§ **Required work**
Reproduce nothing but the lines from the one with "Some of the words" down to the last line of the data below.

(Exercise materials Opens)

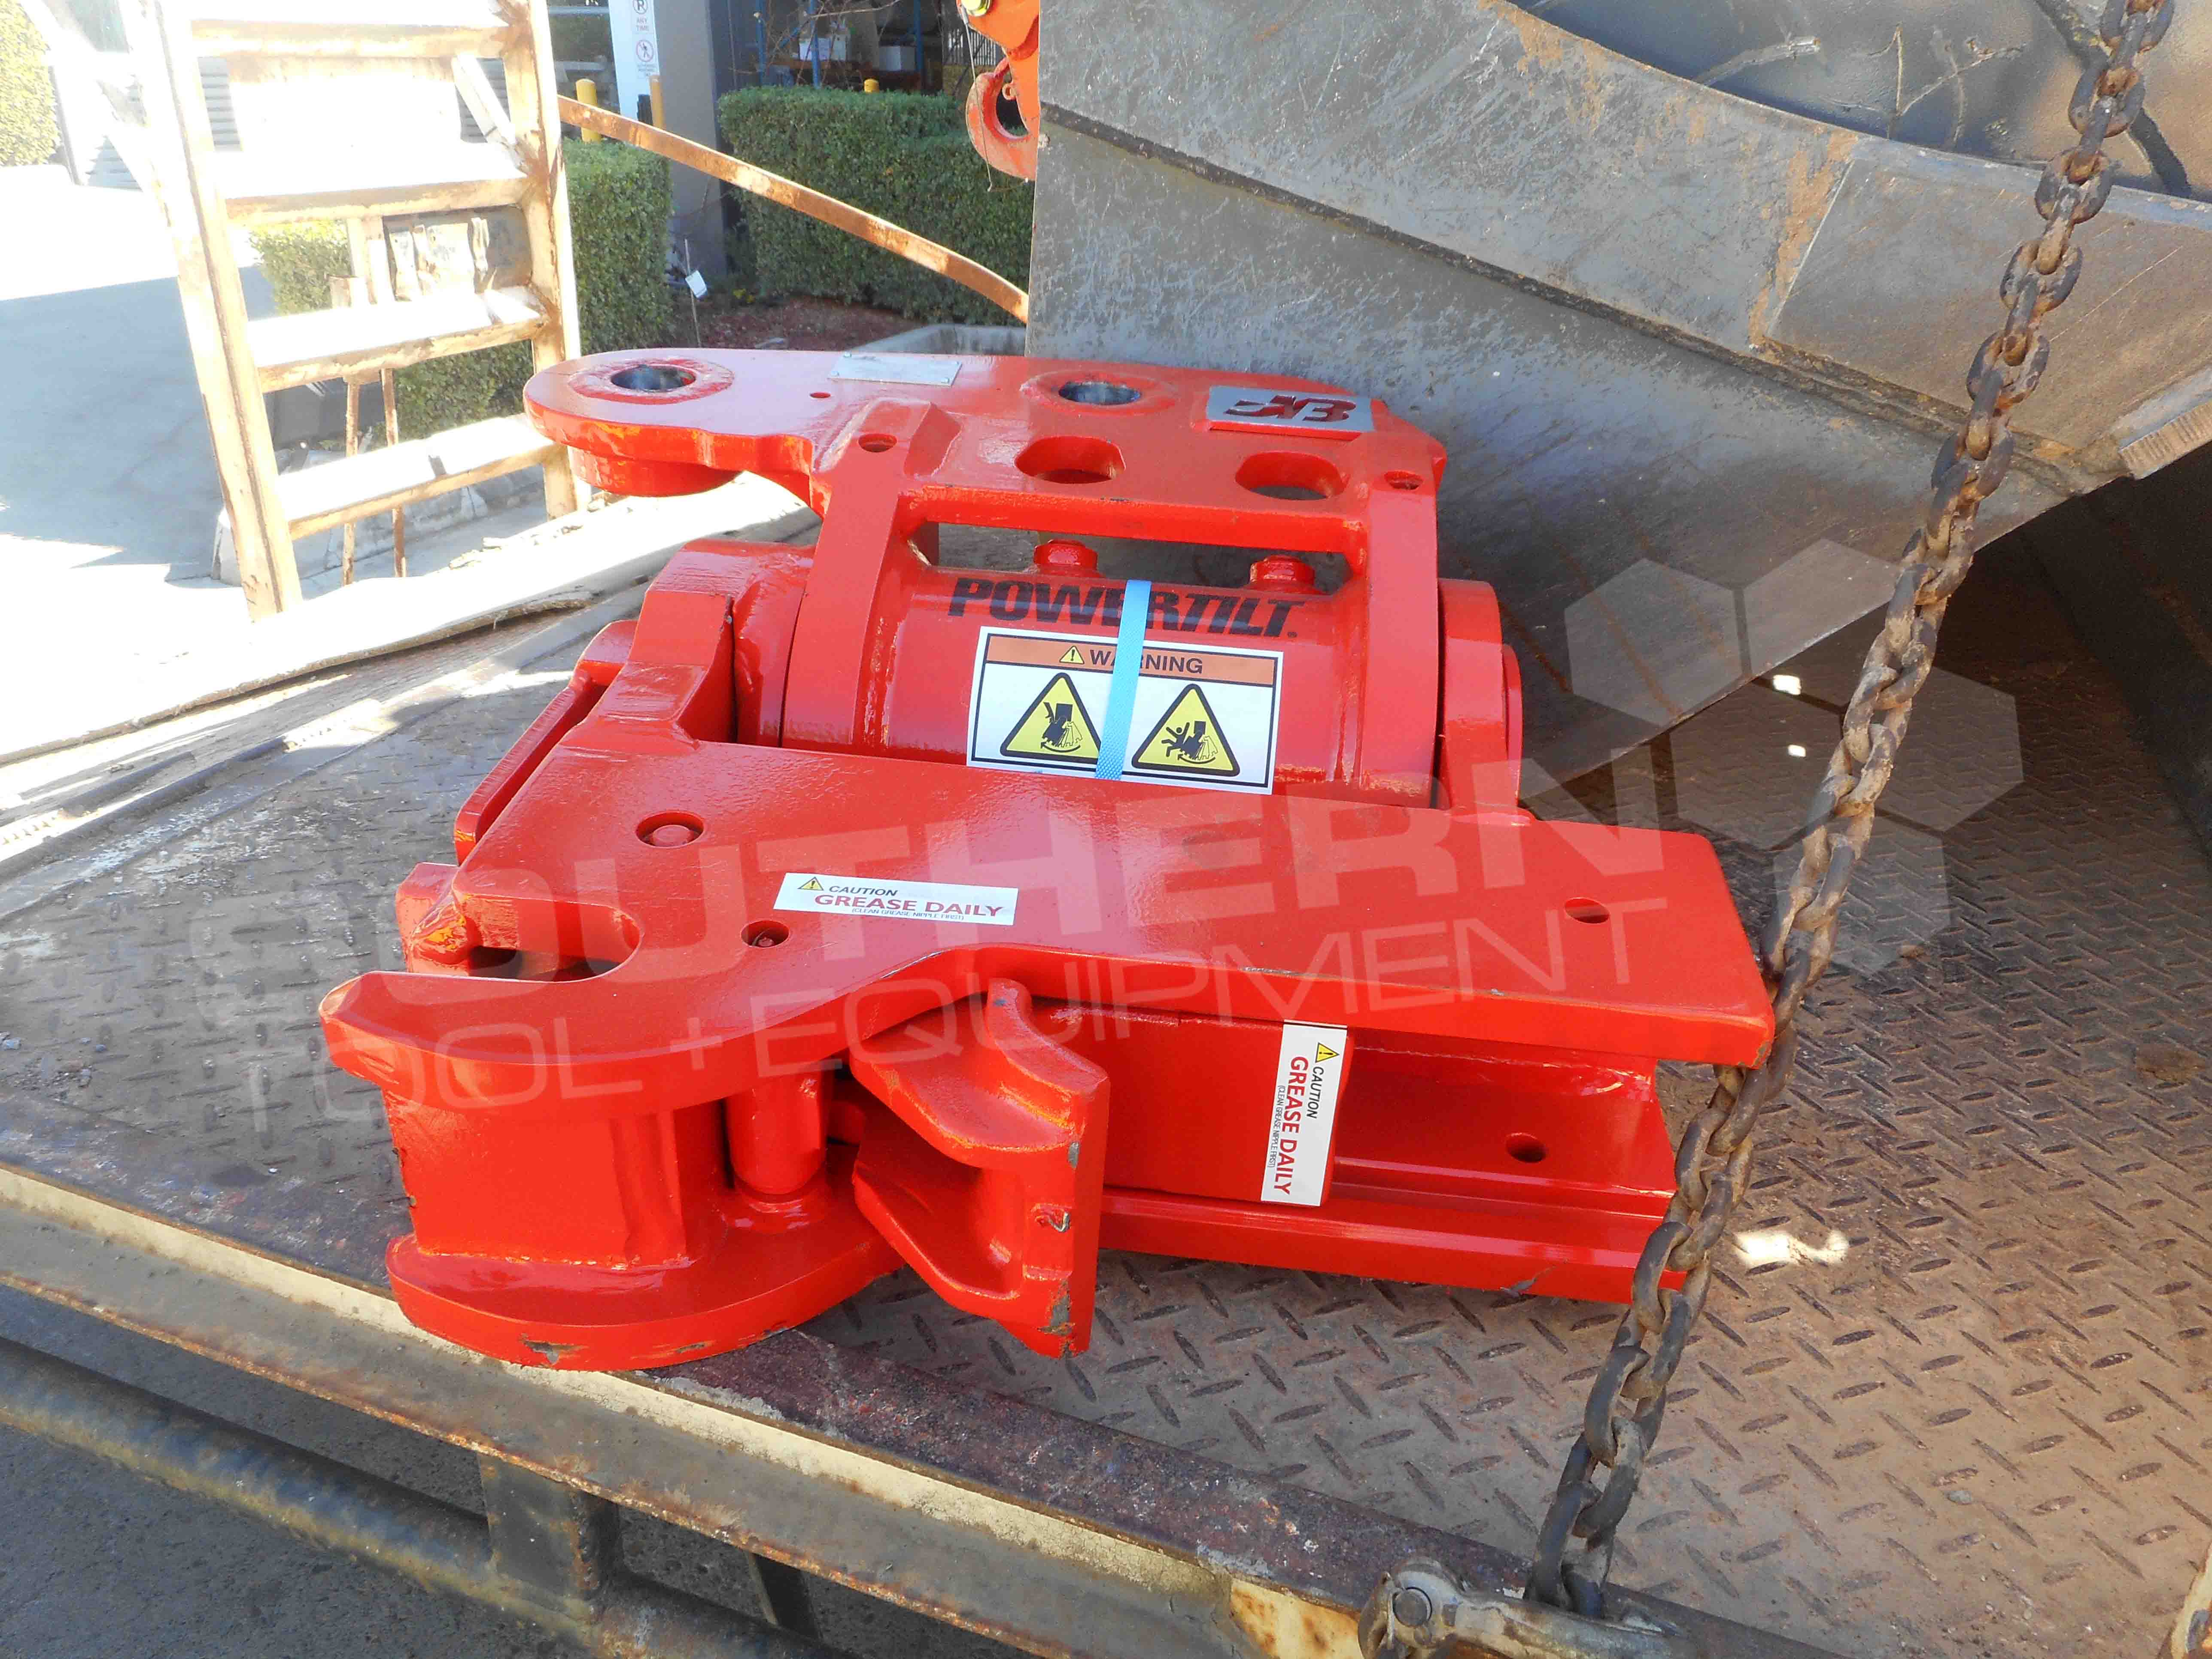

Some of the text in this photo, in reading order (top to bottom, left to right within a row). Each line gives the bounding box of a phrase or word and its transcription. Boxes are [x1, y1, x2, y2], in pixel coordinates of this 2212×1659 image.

[1089, 649, 1203, 675] WNING
[829, 885, 898, 897] CAUTION
[814, 894, 1003, 917] GREASE DAILY
[1306, 1066, 1324, 1119] CAUTION
[1274, 1056, 1309, 1195] GREASE DAILY
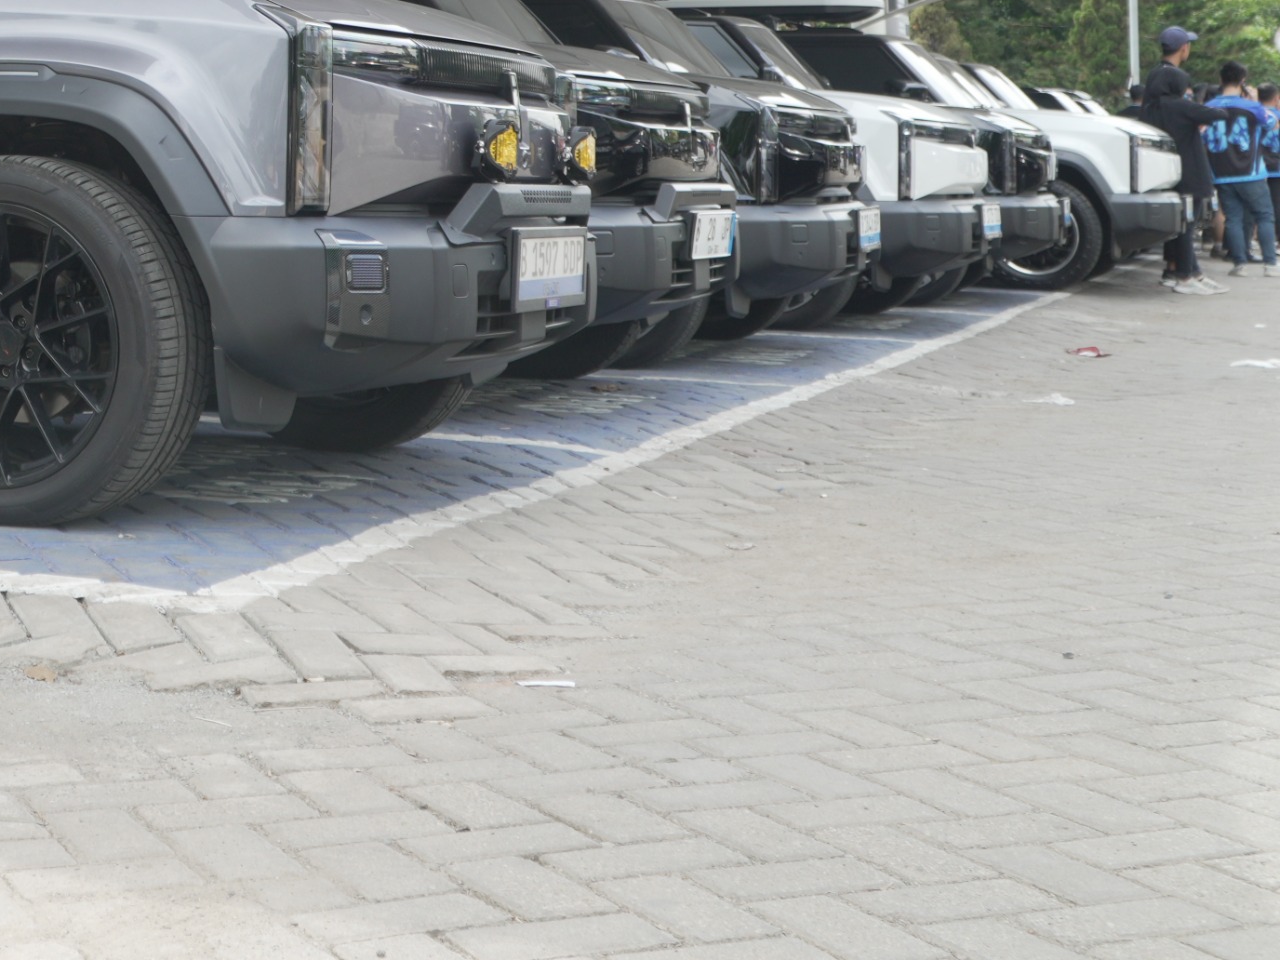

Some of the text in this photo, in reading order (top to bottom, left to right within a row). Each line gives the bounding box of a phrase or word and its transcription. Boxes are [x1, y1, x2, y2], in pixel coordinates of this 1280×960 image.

[520, 239, 583, 278] B 1597 BDP
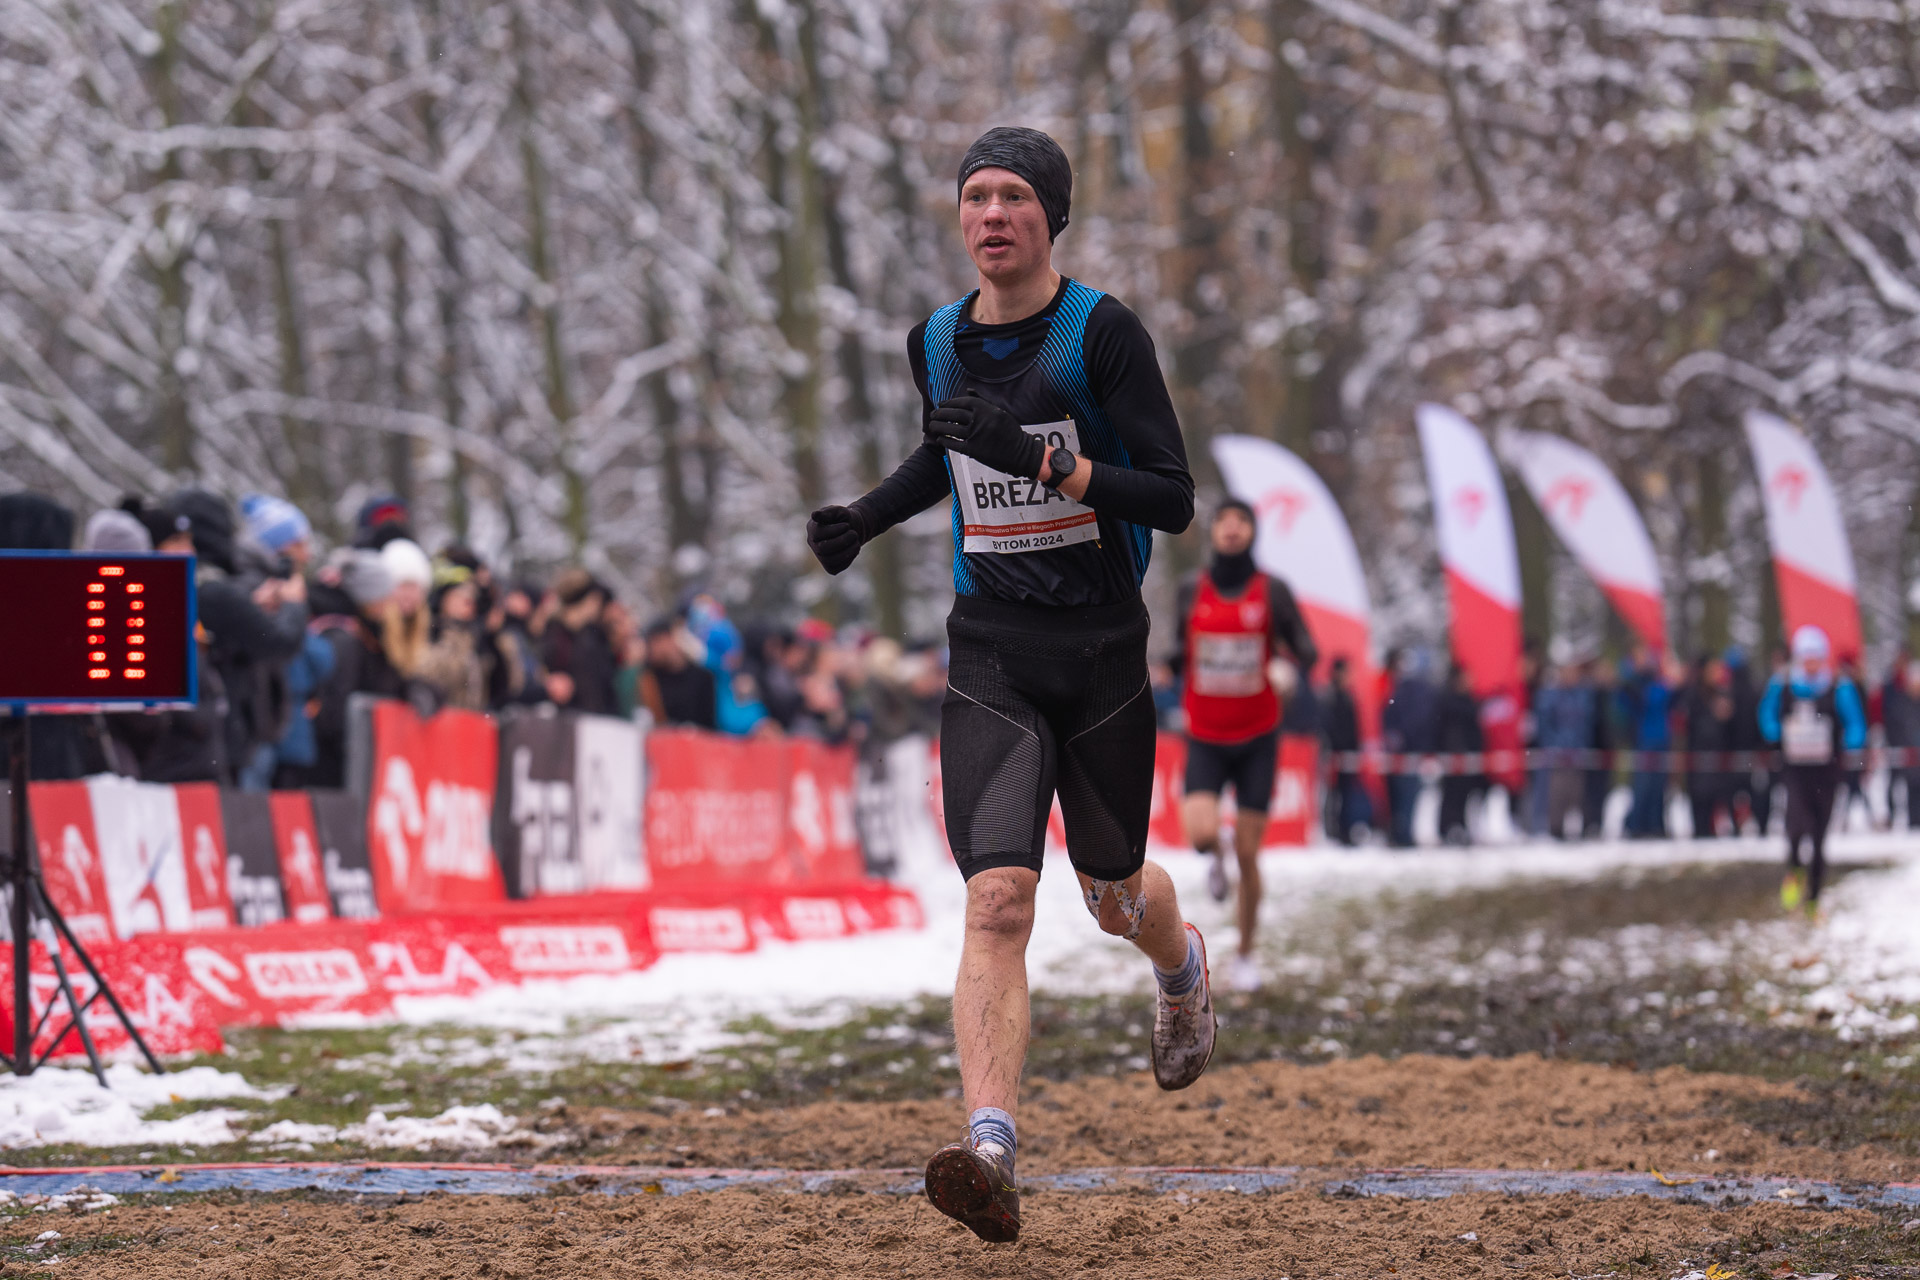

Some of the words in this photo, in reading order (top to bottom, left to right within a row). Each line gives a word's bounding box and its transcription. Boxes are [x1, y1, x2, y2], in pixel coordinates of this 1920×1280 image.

[1010, 525, 1026, 533] Polski
[1032, 523, 1054, 531] Biegach
[992, 538, 1031, 550] BYTOM
[1033, 534, 1065, 547] 2024

(Exercise materials Closes)

§ **Response to the exercise**
Some of the words in this photo, in reading order (top to bottom, left to right within a row). Each line gives a word's bounding box and its transcription. Boxes are [x1, y1, x2, y2], in pixel coordinates of this 1920×1280 image.

[1010, 525, 1026, 533] Polski
[1032, 523, 1054, 531] Biegach
[992, 538, 1031, 550] BYTOM
[1033, 534, 1065, 547] 2024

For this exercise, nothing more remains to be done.